Records contained in a dataset
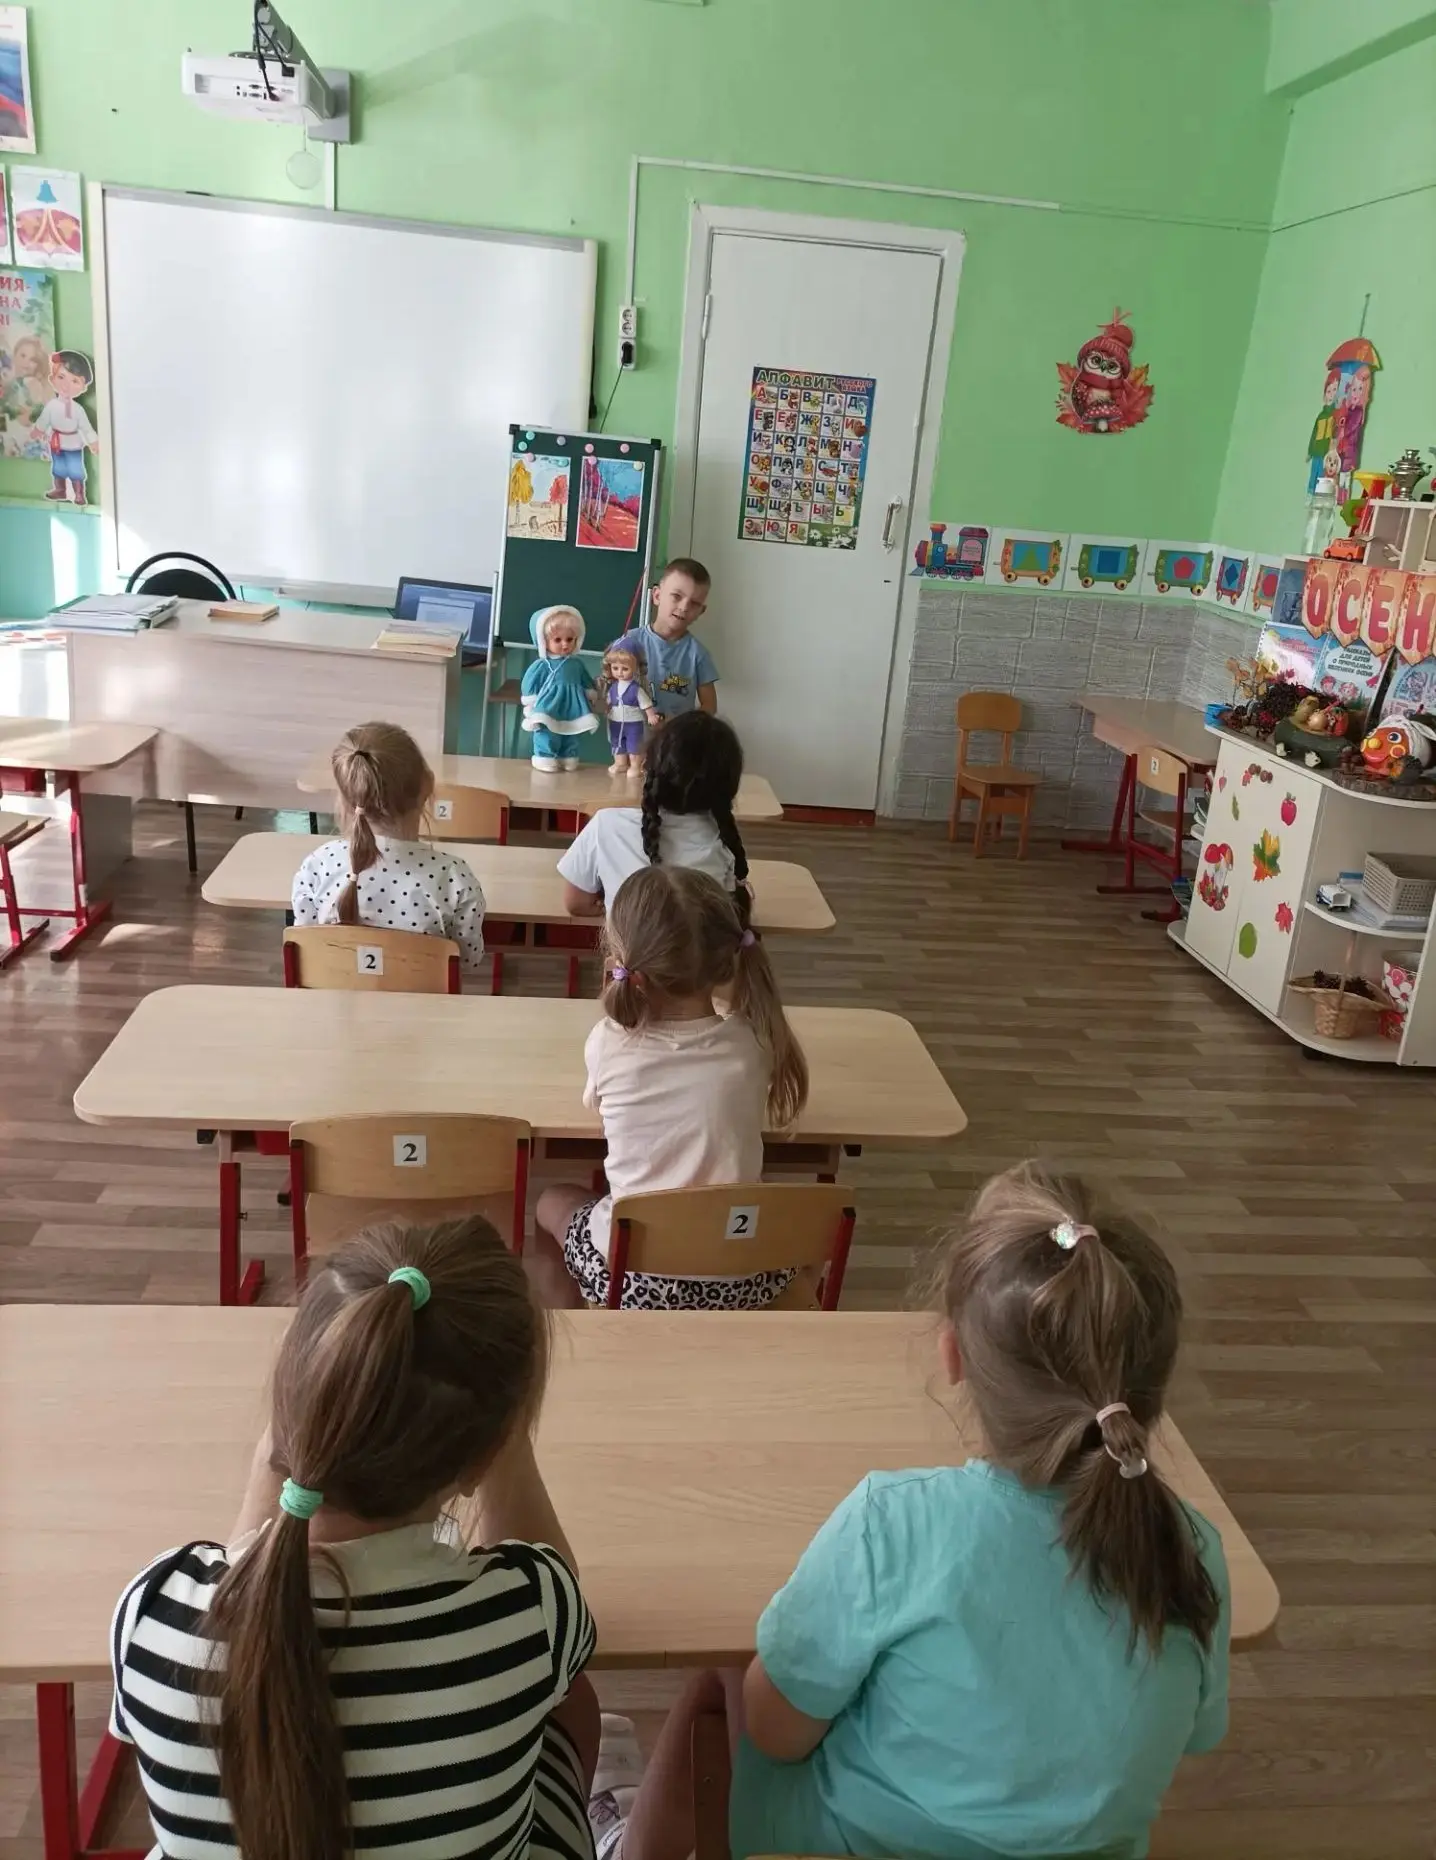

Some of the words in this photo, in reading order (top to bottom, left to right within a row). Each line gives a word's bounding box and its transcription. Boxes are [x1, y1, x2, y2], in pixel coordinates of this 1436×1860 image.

[756, 369, 835, 390] АЛФАВИТ
[756, 386, 767, 399] А
[780, 388, 789, 400] Б
[803, 391, 811, 403] В
[826, 394, 835, 405] Г
[847, 396, 857, 409] Д
[754, 409, 763, 421] Е
[800, 413, 813, 425] Ж
[823, 416, 831, 428] З
[775, 434, 784, 445] К
[798, 436, 808, 448] Л
[820, 438, 831, 450] М
[842, 440, 852, 452] Н
[751, 453, 759, 465] О
[772, 456, 782, 467] П
[795, 458, 804, 469] Р
[817, 460, 827, 472] С
[840, 462, 849, 473] Т
[749, 475, 757, 487] У
[771, 478, 782, 489] Ф
[793, 480, 803, 492] Х
[815, 482, 825, 495] Ц
[838, 484, 847, 495] Ч
[746, 497, 758, 508] Ш
[813, 504, 825, 515] Ы
[835, 506, 844, 517] Ь
[766, 521, 779, 532] Ю
[789, 523, 798, 534] Я
[364, 954, 376, 970] 2
[403, 1143, 418, 1162] 2
[733, 1214, 749, 1234] 2

WHAT NEEDS TO BE DONE :: Retype the data above in full, exactly as it stands, and skip any image.

TASK ANSWER ::
Some of the words in this photo, in reading order (top to bottom, left to right within a row). Each line gives a word's bounding box and its transcription. Boxes are [x1, y1, x2, y2], in pixel coordinates of this 1436×1860 image.

[756, 369, 835, 390] АЛФАВИТ
[756, 386, 767, 399] А
[780, 388, 789, 400] Б
[803, 391, 811, 403] В
[826, 394, 835, 405] Г
[847, 396, 857, 409] Д
[754, 409, 763, 421] Е
[800, 413, 813, 425] Ж
[823, 416, 831, 428] З
[775, 434, 784, 445] К
[798, 436, 808, 448] Л
[820, 438, 831, 450] М
[842, 440, 852, 452] Н
[751, 453, 759, 465] О
[772, 456, 782, 467] П
[795, 458, 804, 469] Р
[817, 460, 827, 472] С
[840, 462, 849, 473] Т
[749, 475, 757, 487] У
[771, 478, 782, 489] Ф
[793, 480, 803, 492] Х
[815, 482, 825, 495] Ц
[838, 484, 847, 495] Ч
[746, 497, 758, 508] Ш
[813, 504, 825, 515] Ы
[835, 506, 844, 517] Ь
[766, 521, 779, 532] Ю
[789, 523, 798, 534] Я
[364, 954, 376, 970] 2
[403, 1143, 418, 1162] 2
[733, 1214, 749, 1234] 2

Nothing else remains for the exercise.